Exercise: Your answer must restate each entry below word for word, with no pictures in it.

Extracted records:
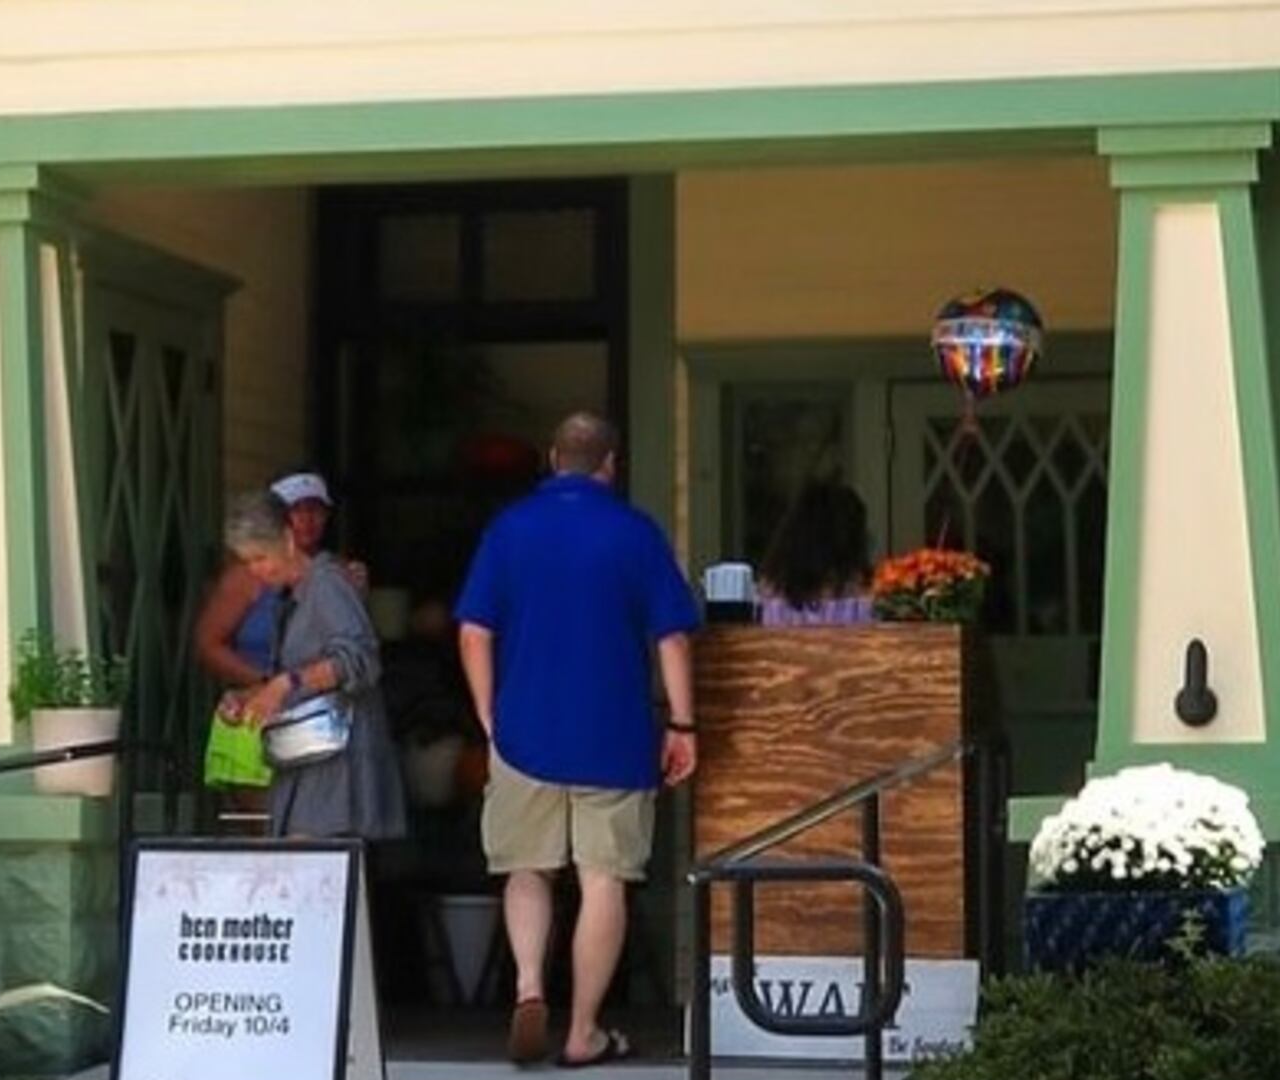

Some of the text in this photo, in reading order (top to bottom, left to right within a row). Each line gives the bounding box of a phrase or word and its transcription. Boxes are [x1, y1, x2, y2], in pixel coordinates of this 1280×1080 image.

[180, 911, 294, 940] hen mother
[178, 942, 290, 963] COOKHOUSE
[174, 992, 282, 1013] OPENING
[758, 979, 911, 1029] WA
[168, 1014, 290, 1039] Friday 10/4
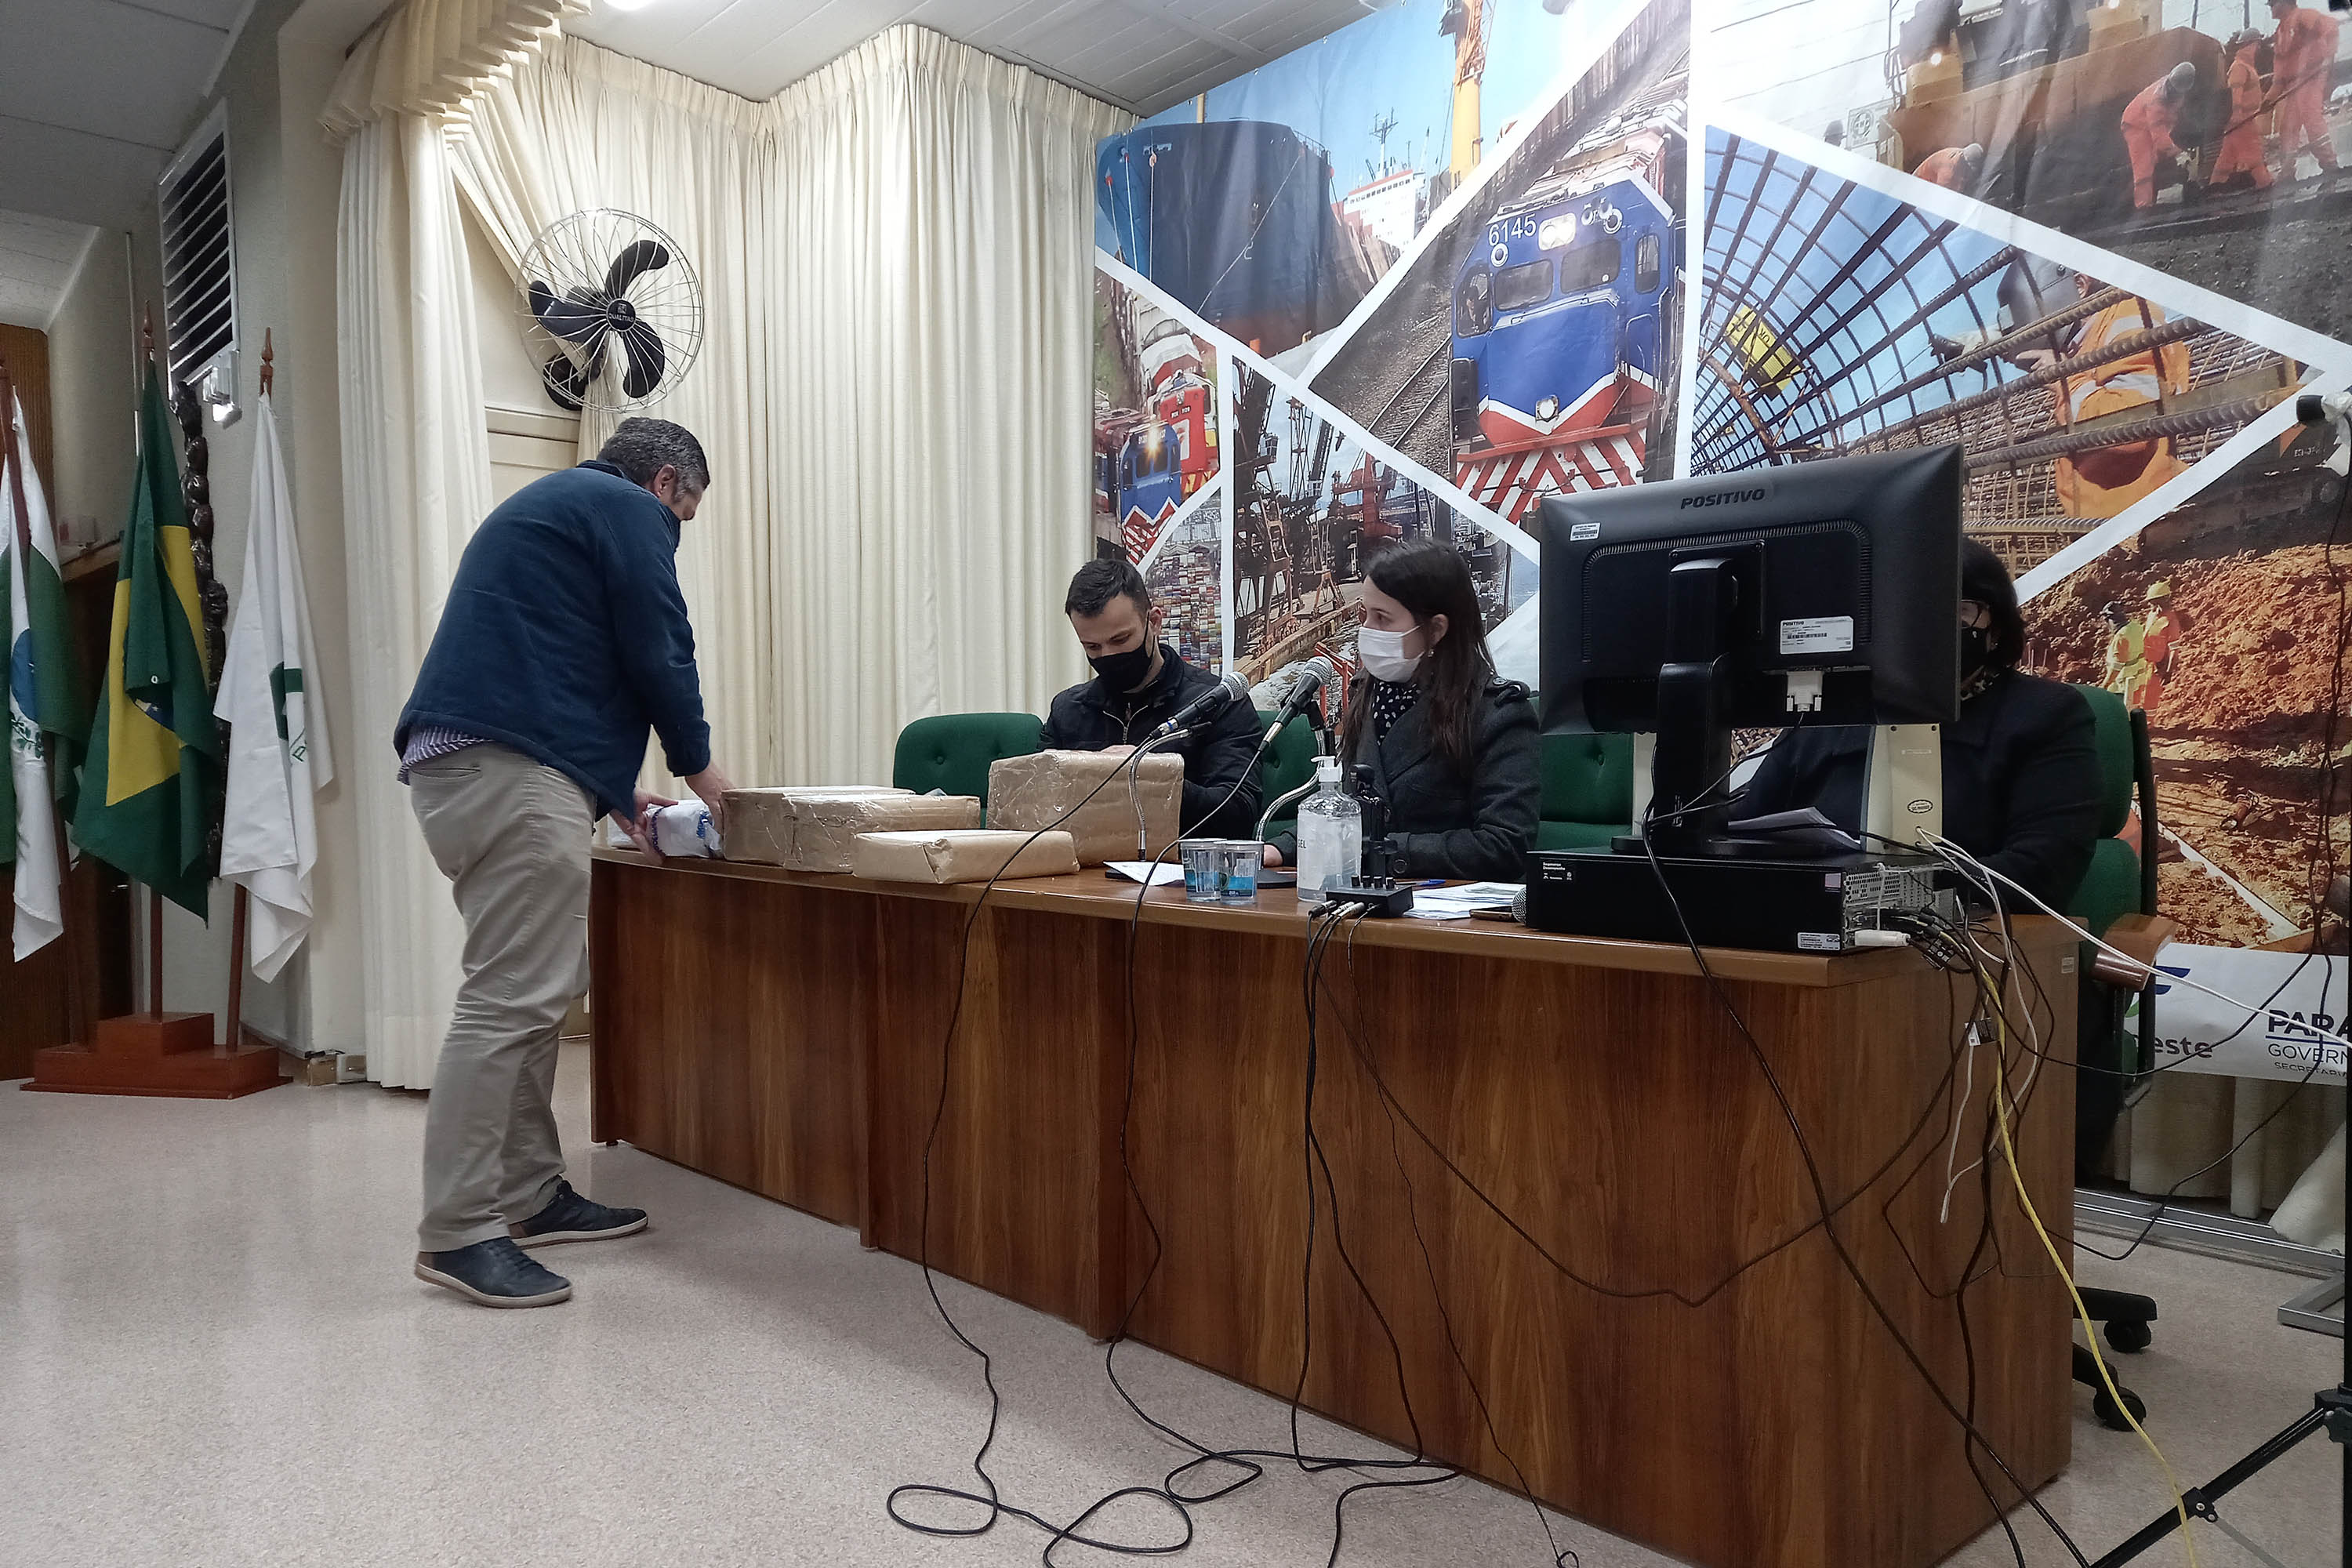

Result of this exercise:
Some of the text in this photo, in reading order (top to bottom, left to right within a row). Each line gives the bounding box of a phrase or word and its transcription. Boxes are [x1, y1, x2, y2], in pixel coordinates of this 1280×1080 image.

[180, 911, 294, 940] hen mother
[178, 942, 290, 963] COOKHOUSE
[174, 992, 282, 1013] OPENING
[758, 979, 911, 1029] WA
[168, 1014, 290, 1039] Friday 10/4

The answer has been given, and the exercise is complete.